Il secondo fattore a favore di questo libro è costituito
senza dubbio dai personaggi, per lo più già incontrati nel primo romanzo, che
si riconfermano molto ben caratterizzati, soprattutto da un punto di vista
psicologico e del loro agire, originali e, allo stesso tempo, molto
rappresentativi della società inglese dell’inizio del Novecento. Nel complesso
la loro descrizione rimane accattivante e aggraziata, a tratti poetica,
affidata a immagini e metafore. Gli aggettivi sono scelti con cura, quasi tutto
ciò che viene scritto per descrivere la fisicità di un personaggio finisce per
fornire anche qualche informazione sulla sua psicologia o sul suo carattere.
Molto spesso, i dettagli offerti dall’autrice su un dato personaggio permettono
al lettore di meglio comprenderne il modo di stare al mondo, e affrontare la
quotidianità e le sfide più impegnative.
Tra le figure accennate ne La famiglia Aubrey, che nel secondo volume trovano più spazio e
spessore, abbiamo zio Len. Si tratta di un uomo davvero particolare, molto ben
definito, un omone grande e grosso che è anche un misto di tenerezza,
pragmatismo e cinismo. Difficile credere che sia possibile riunire tante
caratteristiche, talvolta addirittura antitetiche, in un unico personaggio,
eppure la West ci riesce. È così ben riuscito che avrebbe forse meritato più
spazio, ma compare in maniera decisiva solo nel terzo capitolo.
Ho ritrovato con grande piacere Clare Aubrey, la madre di
Rose, il personaggio che affronta la metamorfosi più importante in questo
romanzo, forse perché si pone l’accento sul suo progressivo e rapido invecchiamento.
Il peso degli anni risulta particolarmente marcato su di lei a causa delle
vicissitudini patite, ma conserva uno spirito ingenuo e facile a cogliere i
piccoli piaceri della vita, sempre bendisposto verso le persone e permeato di
fiducia. Rimane un bel personaggio, addolcito dall’età e, incredibilmente,
dagli eventi, che non l’hanno abbrutita.
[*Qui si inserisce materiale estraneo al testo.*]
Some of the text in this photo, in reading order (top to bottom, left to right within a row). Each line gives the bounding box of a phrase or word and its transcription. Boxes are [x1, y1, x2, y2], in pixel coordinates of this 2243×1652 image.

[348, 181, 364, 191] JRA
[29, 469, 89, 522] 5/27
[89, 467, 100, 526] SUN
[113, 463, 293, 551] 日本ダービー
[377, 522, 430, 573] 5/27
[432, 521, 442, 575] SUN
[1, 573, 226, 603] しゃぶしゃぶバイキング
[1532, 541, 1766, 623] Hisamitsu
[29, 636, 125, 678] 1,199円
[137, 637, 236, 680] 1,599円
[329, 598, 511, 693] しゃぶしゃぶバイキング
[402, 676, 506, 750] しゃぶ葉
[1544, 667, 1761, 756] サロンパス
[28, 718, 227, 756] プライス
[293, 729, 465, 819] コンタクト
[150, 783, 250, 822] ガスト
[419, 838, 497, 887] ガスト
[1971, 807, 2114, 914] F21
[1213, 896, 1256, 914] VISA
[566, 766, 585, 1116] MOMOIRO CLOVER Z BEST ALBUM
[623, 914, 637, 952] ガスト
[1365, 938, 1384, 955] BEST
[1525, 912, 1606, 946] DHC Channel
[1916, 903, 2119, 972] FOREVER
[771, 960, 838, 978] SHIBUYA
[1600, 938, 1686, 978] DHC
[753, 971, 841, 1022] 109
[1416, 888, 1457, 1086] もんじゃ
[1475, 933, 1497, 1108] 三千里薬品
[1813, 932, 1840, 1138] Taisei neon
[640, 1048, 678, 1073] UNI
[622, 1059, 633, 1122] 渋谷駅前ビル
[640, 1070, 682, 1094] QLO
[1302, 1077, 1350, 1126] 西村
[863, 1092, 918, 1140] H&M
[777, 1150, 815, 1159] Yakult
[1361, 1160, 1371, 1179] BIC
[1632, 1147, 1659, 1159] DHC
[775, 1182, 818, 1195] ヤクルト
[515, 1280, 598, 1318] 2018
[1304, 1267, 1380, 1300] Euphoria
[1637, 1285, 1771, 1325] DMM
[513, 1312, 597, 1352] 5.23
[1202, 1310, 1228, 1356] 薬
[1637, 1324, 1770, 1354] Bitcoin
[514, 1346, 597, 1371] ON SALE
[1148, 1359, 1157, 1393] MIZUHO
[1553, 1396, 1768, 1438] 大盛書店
Sciupata e invecchiata, ma non
abbrutita.
Ho notato che Nel
cuore della notte presenta una discreta preponderanza di personaggi
femminili. Usciti di scena entrambi i mariti di Clare e Constance (cugina
amatissima di Clare), rimane solo Richard Quin, il più piccolo della nidiata, come
esponente maschile di rilievo nel romanzo, a tratti affiancato da personaggi
secondari quali il signor Morpurgo e zio Len.
La lettura procede in maniera abbastanza scorrevole,
sostenuta dallo stile dell’autrice e dal piacere nello scoprire, svelare e
seguire i personaggi. Infine, quando già si pensa di trovarsi di fronte a un
secondo volume in cui non capita nulla che sia degno di nota, necessario
unicamente a collegare il primo al terzo libro della serie, si incappa in
quelli che sono senza ombra di dubbio i capitoli più intensi ed emozionanti del
romanzo: gli ultimi due, che da soli valgono l’intera lettura. Non sto
esagerando, sono davvero splendidi, emotivamente molto forti e anche pesanti
per i contenuti, ma io li ho trovati davvero belli, forse proprio per la loro
capacità di trasmettermi grandi emozioni. È come se tutto il romanzo si
compisse in queste ultime pagine, motivando in qualche modo il senso di
aspettativa che accompagna il lettore per tutti i capitoli precedenti. Si ha
l’impressione che qualcosa dovrà accadere, prima o poi. Quel poi sta tutto nei capitoli otto e nove. Sono
pervasi di tenerezza, malinconia e amore. Speranza e paura. Tutto questo
attraverso la narrazione di Rose, viva e sentita, capace di vedere le cose per
come sono e, allo stesso tempo, di offrirne una lettura non così scontata.
Insomma, giungo al termine di questo romanzo e, nonostante all’inizio non mi abbia convinta del tutto,
mi arrendo alla consapevolezza che sicuramente leggerò il volume conclusivo
della trilogia. Perché non si può abbandonare la famiglia Aubrey. Proprio non
si può.
Il problema di questo mondo è che noi e le persone che amiamo siamo due entità separate. È terribile avere a cuore ciò che prova l’altra persona, come se fosse parte di noi, eppure non sapere mai con certezza quello che prova, perché ognuno di noi è solo se stesso.
Concordo con il giudizio. Sto cercando il terzo libro, ma non conosco il titolo, qualcuno mi può aiutare? Grazie!